Way back in the early days of smog control, they warned us that carbon monoxide would kill us all.
Except, of course, to the extent that it doesn’t:
Found in the exhaust of vehicles and generators, CO has been dubbed the “silent killer” because excessive inhalation is lethal, poisoning the nervous system and heart.
Now, in a surprising twist, Prof. Itzhak Schnell of Tel Aviv University’s Department of Geography and the Human Environment has discovered that low levels of the poisonous gas can have a narcotic effect that helps city dwellers cope with other harmful environmental factors of an urban environment, such as off-the-chart noise levels. This finding indicates that CO, in small doses, is a boon to the well-being of urbanites, better equipping them to deal with environmental stress.
Not to be confused with high levels of the poisonous gas, which has a narcotic effect that helps you drop dead in the front seat of your car with the garage closed, assuming current emissions standards even permit such high levels.
[Researchers] asked 36 healthy individuals between the ages of 20 to 40 to spend two days in Tel Aviv, Israel’s busiest city. The test subjects travelled various routes to sites such as busy streets, restaurants, malls and markets, by public and private transportation or by foot. Researchers monitored the impact of four different environmental stressors: thermal load (heat and cold), noise pollution, carbon monoxide levels, and social load (the impact of crowds).

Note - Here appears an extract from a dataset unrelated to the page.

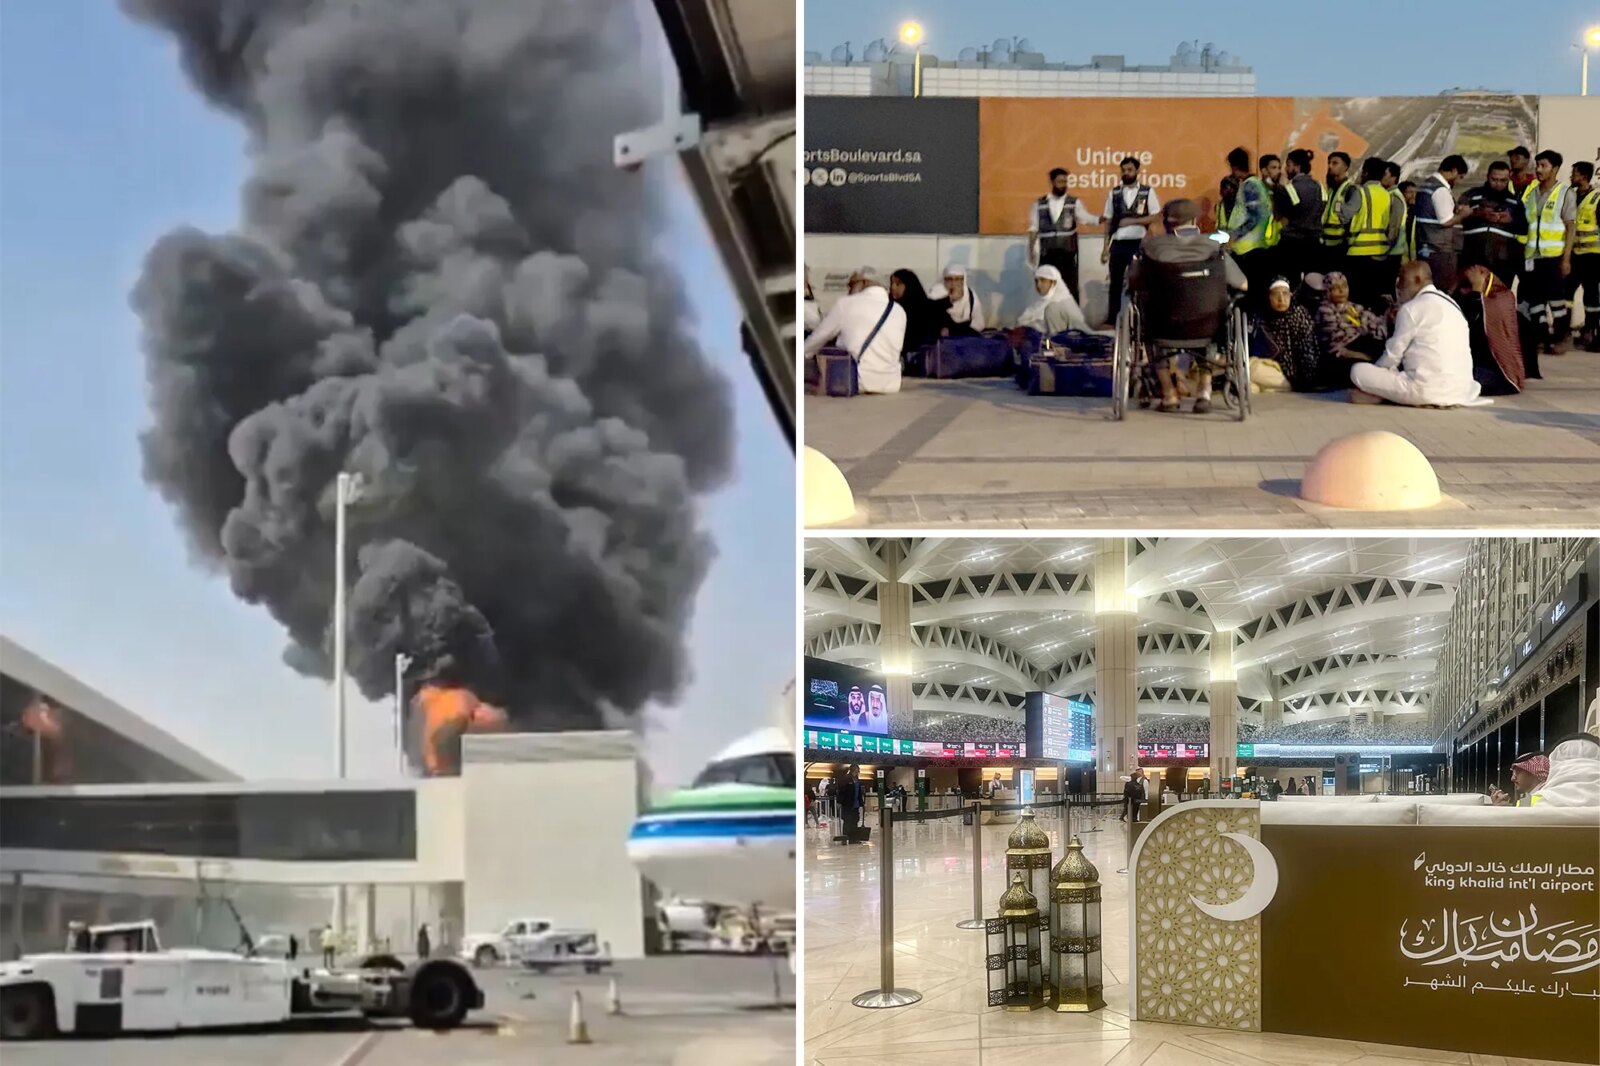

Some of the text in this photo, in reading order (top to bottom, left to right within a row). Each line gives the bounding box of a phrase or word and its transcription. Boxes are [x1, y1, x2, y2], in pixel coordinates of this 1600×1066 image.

Participants reported to what extent their experiences were stressful, and their input was corroborated with data taken from sensors that measured heart rate and pollutant levels. Noise pollution emerged as the most significant cause of stress.
The most surprising find of the study, says Prof. Schnell, was in looking at levels of CO that the participants inhaled during their time in the city. Not only were the levels much lower than the researchers predicted — approximately 1-15 parts per million every half hour — but the presence of the gas appeared to have a narcotic effect on the participants, counteracting the stress caused by noise and crowd density.
OSHA’s current recommended limit is 50 ppm, averaged over 8 hours.
This research has been published in the journal Environmental Monitoring and Assessment. Regina Spektor was not available for comment.